Avid Pro Tools: Tips & Techniques By Julian Rodgers
Published November 2023

The Sketch feature adds a whole new window to the Pro Tools working environment, and is available in all versions, including Intro.The Sketch feature adds a whole new window to the Pro Tools working environment, and is available in all versions, including Intro.

With the new Sketch window and app, Pro Tools enters the world of clip launching.

At the end of August, Avid gave us a sneak peek at Pro Tools Sketch, a feature slated for inclusion in the (at the time of writing) upcoming Pro Tools 2023.9 software, scheduled for September.
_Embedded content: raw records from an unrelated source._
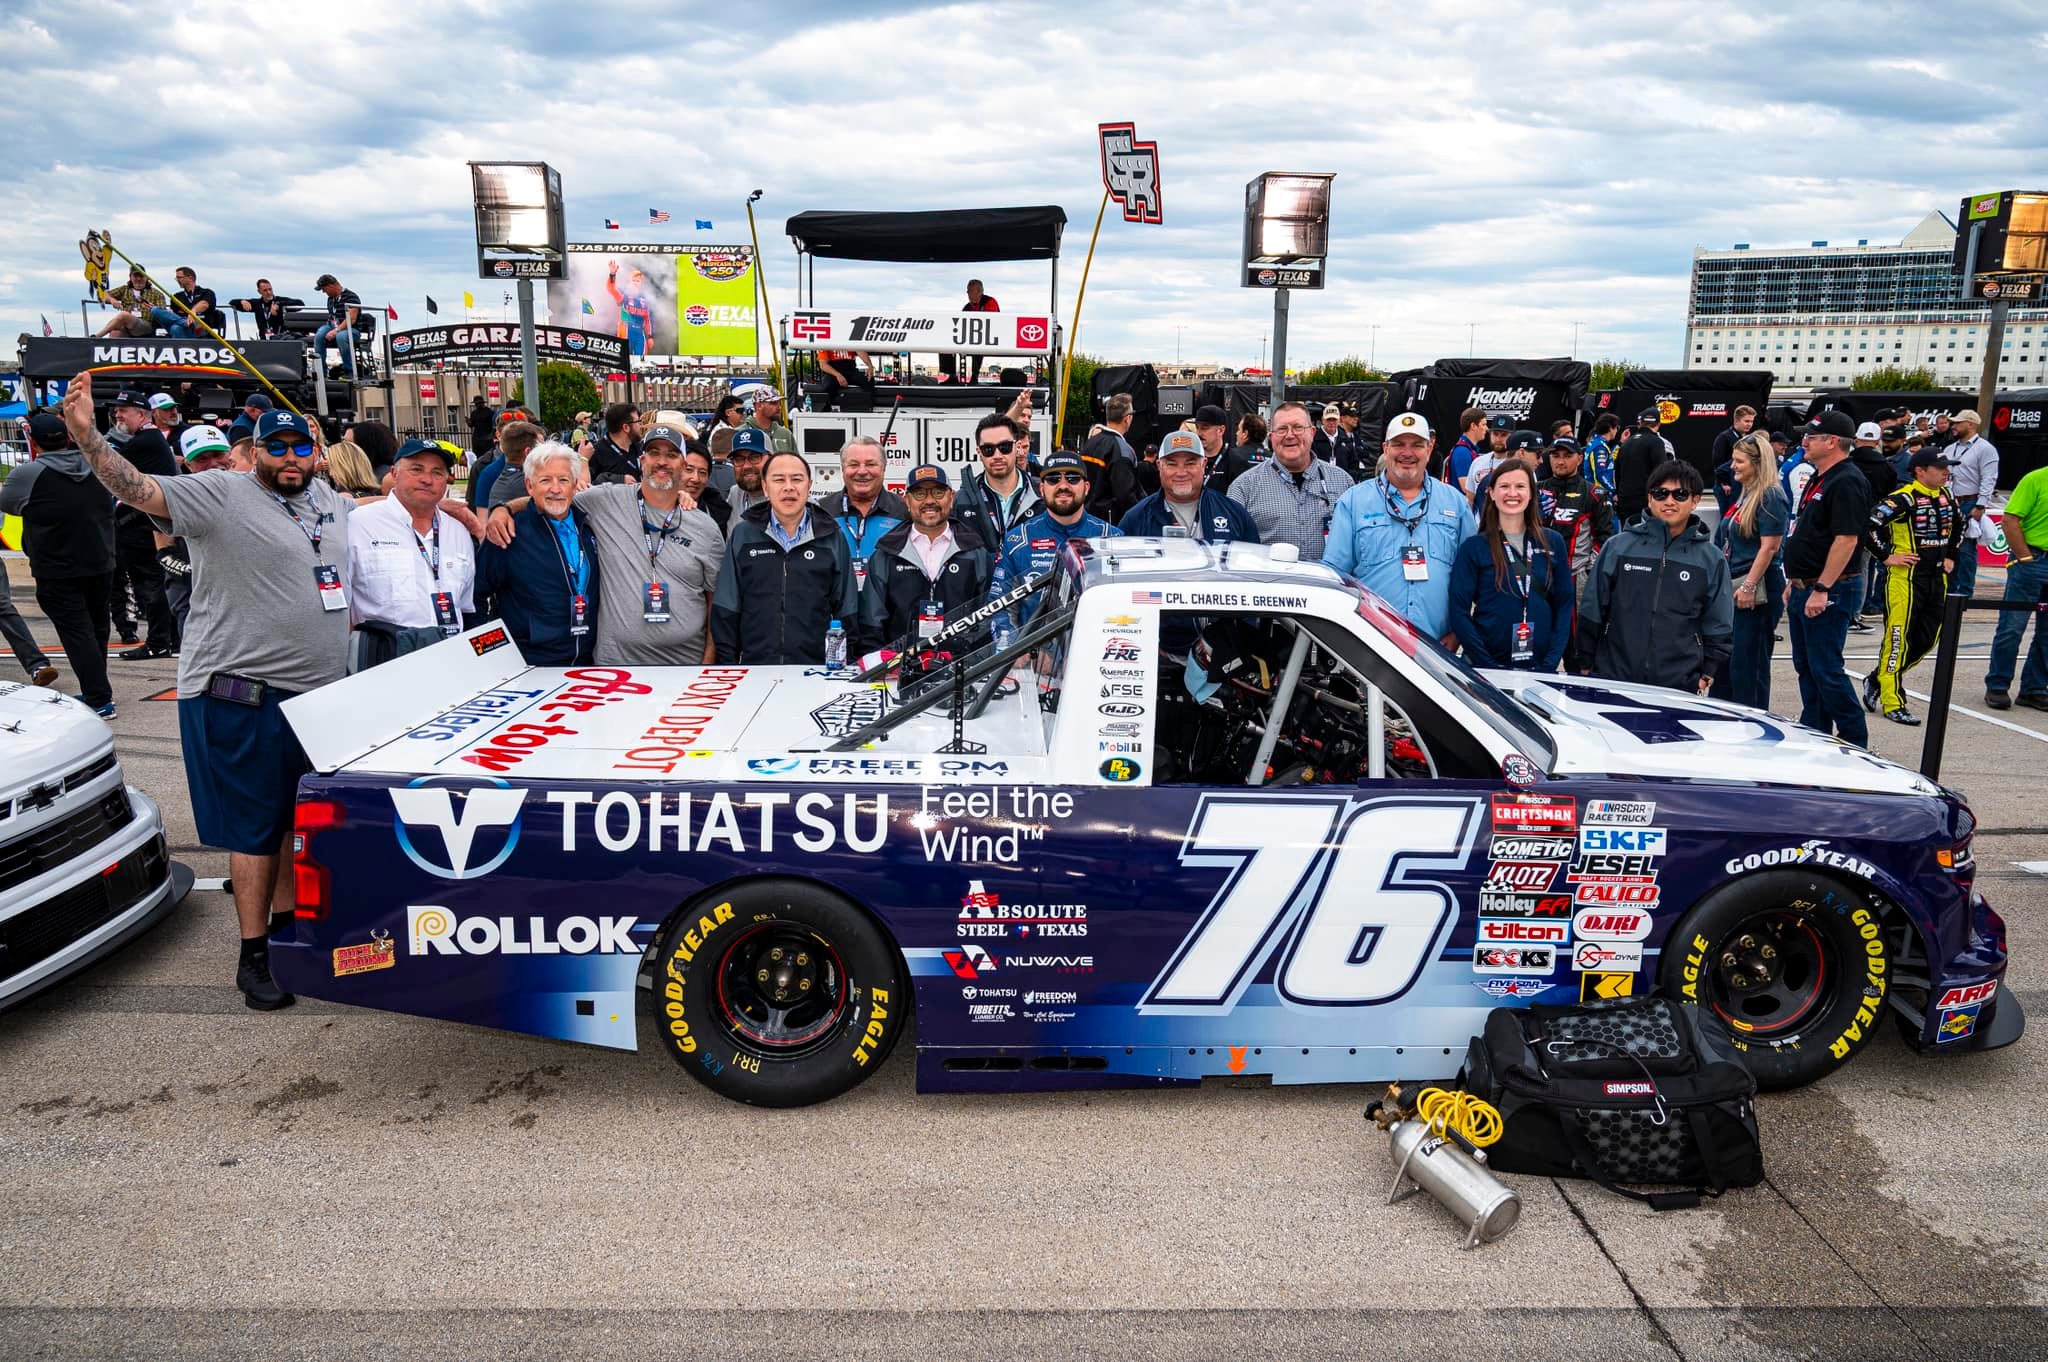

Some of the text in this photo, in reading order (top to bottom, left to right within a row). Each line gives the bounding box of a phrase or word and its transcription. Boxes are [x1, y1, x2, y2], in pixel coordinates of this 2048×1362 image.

[515, 262, 550, 273] TEXAS
[709, 267, 734, 275] 250
[1278, 271, 1311, 281] TEXAS
[2001, 283, 2032, 294] TEXAS
[870, 316, 901, 329] First
[902, 317, 934, 330] Auto
[953, 317, 999, 346] JBL
[412, 331, 448, 345] TEXAS
[452, 327, 562, 348] GARAGE
[586, 336, 622, 353] TEXAS
[865, 329, 907, 343] Group
[93, 346, 236, 365] MENARDS
[1467, 386, 1537, 407] Hendrick
[1692, 403, 1726, 411] TRACKER
[2011, 408, 2042, 422] Haas
[936, 437, 978, 462] JBL
[1165, 592, 1307, 608] CPL. CHARLES E. GREENWAY
[927, 582, 1036, 647] CHEVROLET
[1102, 647, 1142, 661] FRE
[1886, 625, 1901, 673] MENARDS
[1111, 684, 1143, 696] FSE
[407, 689, 545, 742] Trailers
[1105, 705, 1137, 715] HJC
[612, 668, 750, 774] EPOXY DEPOT
[1099, 741, 1130, 752] Mobil
[921, 785, 1074, 818] Feel the
[1524, 796, 1551, 805] NASCAR
[1608, 803, 1646, 814] NASCAR
[546, 790, 889, 854] TOHATSU
[1495, 807, 1572, 822] CRAFTSMAN
[1588, 813, 1648, 823] RACE TRUCK
[1492, 838, 1573, 857] COMETIC
[1583, 830, 1664, 851] SKF
[1568, 855, 1655, 876] JESEL
[1492, 865, 1553, 886] KLOTZ
[958, 880, 1087, 919] ABSOLUTE
[1577, 885, 1659, 902] CALICO
[1135, 792, 1486, 1017] 76
[1480, 894, 1536, 916] Holley
[407, 905, 639, 956] ROLLOK
[957, 924, 1088, 937] STEEL TEXAS
[1484, 922, 1564, 941] tilton
[1005, 956, 1094, 967] NUWAVE
[1476, 948, 1551, 968] KOOKS
[1682, 933, 1710, 1005] AGLE
[1488, 979, 1541, 988] FIVE STAR
[979, 988, 1017, 997] TOHATSU
[1035, 992, 1077, 1000] FREEDOM
[1942, 980, 1996, 1007] ARP
[968, 1005, 1011, 1015] TIBBETTS
[852, 987, 889, 1067] EAGLE
[1606, 1083, 1654, 1094] SIMPSON
Pro Tools Sketch is a non‑linear creation tool similar to Ableton Live and Bitwig, or the Live Loops feature in Logic Pro. It adds a whole new window to the Pro Tools UI, which isn’t something that happens often. We get additions to the Mix and Edit windows regularly, most recently the tabbed Melodyne ARA view, but the last completely new window I can think of was the MIDI Editor, introduced all the way back in Pro Tools 8.
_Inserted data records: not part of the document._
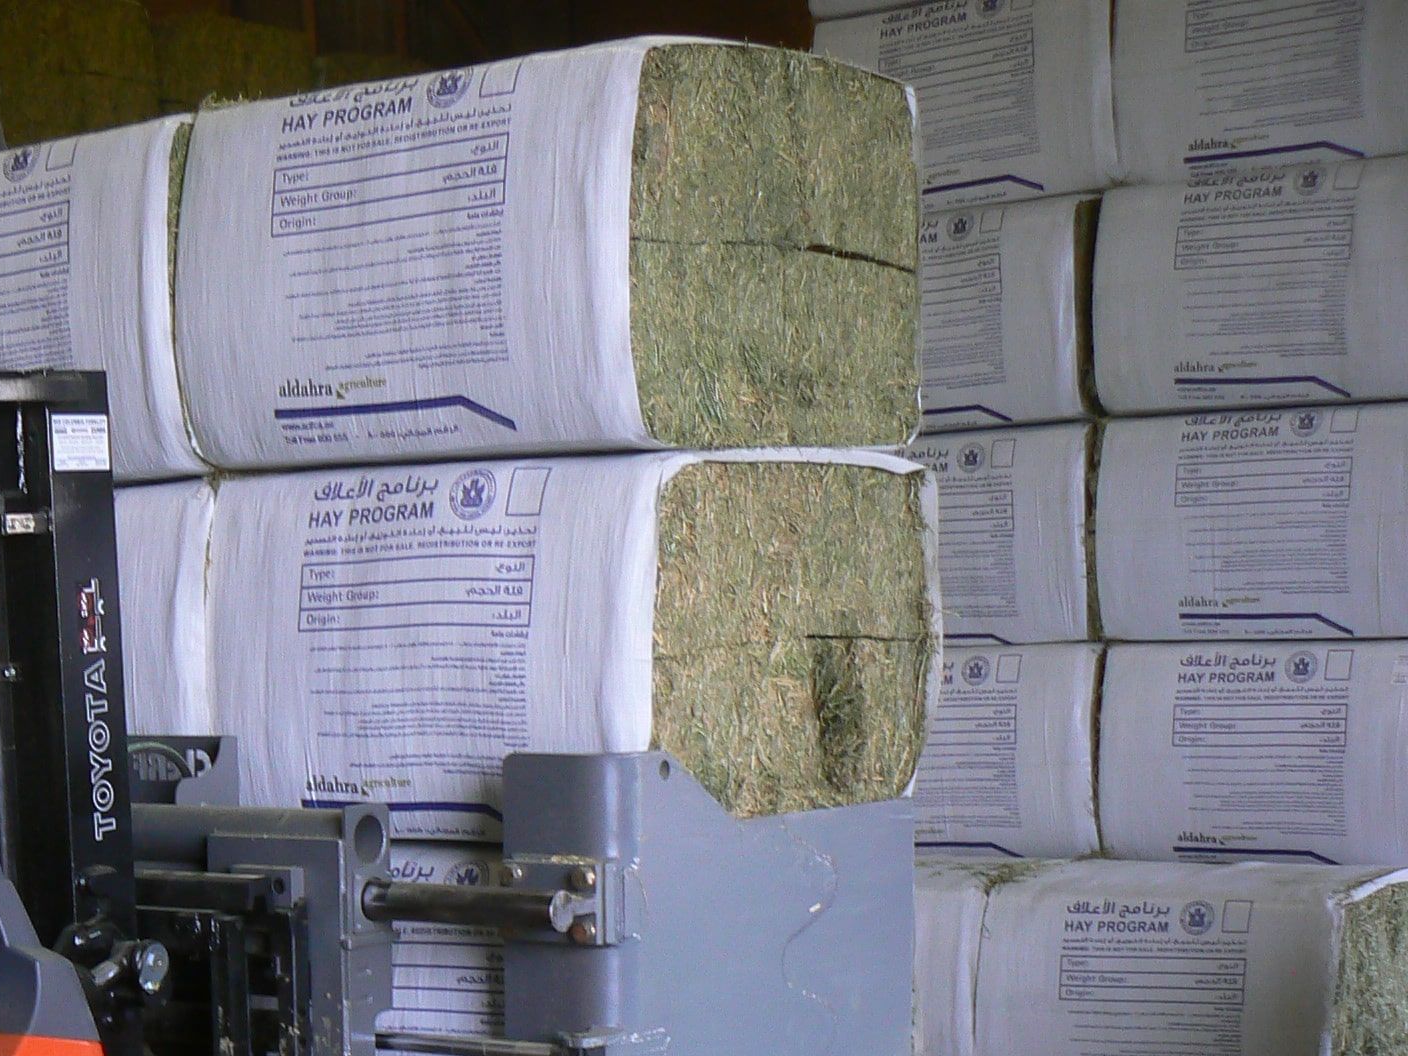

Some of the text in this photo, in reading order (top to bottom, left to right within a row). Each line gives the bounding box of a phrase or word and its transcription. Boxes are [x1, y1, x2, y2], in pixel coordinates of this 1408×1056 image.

[880, 26, 903, 39] HAY
[907, 12, 967, 33] PROGRAM
[282, 96, 413, 134] HAY PROGRAM
[280, 192, 318, 208] Weight
[1184, 186, 1283, 205] HAY PROGRAM
[1174, 361, 1214, 373] aldahra
[279, 378, 333, 398] aldahra
[1181, 426, 1279, 442] HAY PROGRAM
[314, 475, 439, 502] برنامج الأعلاف
[308, 501, 434, 528] HAY PROGRAM
[309, 569, 335, 581] Type:
[307, 590, 379, 604] Weight Group:
[1178, 596, 1219, 608] aldahra
[306, 613, 340, 626] Origin:
[1180, 652, 1276, 670] برنامج الأعلاف
[1177, 672, 1275, 684] HAY PROGRAM
[83, 657, 117, 841] TOYOTA
[306, 774, 359, 794] aldahra
[1177, 831, 1217, 843] aldahra
[1067, 899, 1170, 918] برنامج الأعلاف
[1064, 920, 1169, 933] HAY PROGRAM
However, Sketch is more than just a window. It’s also an iPad app, which will eventually support the iPhone and Android platforms too. While the free Avid Control app has been available for some time, that only allows control of mix parameters in Pro Tools, not manipulation of audio and MIDI itself. By contrast, the Sketch app allows musical ideas to be worked on in, and transferred between, an iPad and a computer running Pro Tools.

...the Sketch app allows musical ideas to be worked on in, and transferred between, an iPad and a computer running Pro Tools.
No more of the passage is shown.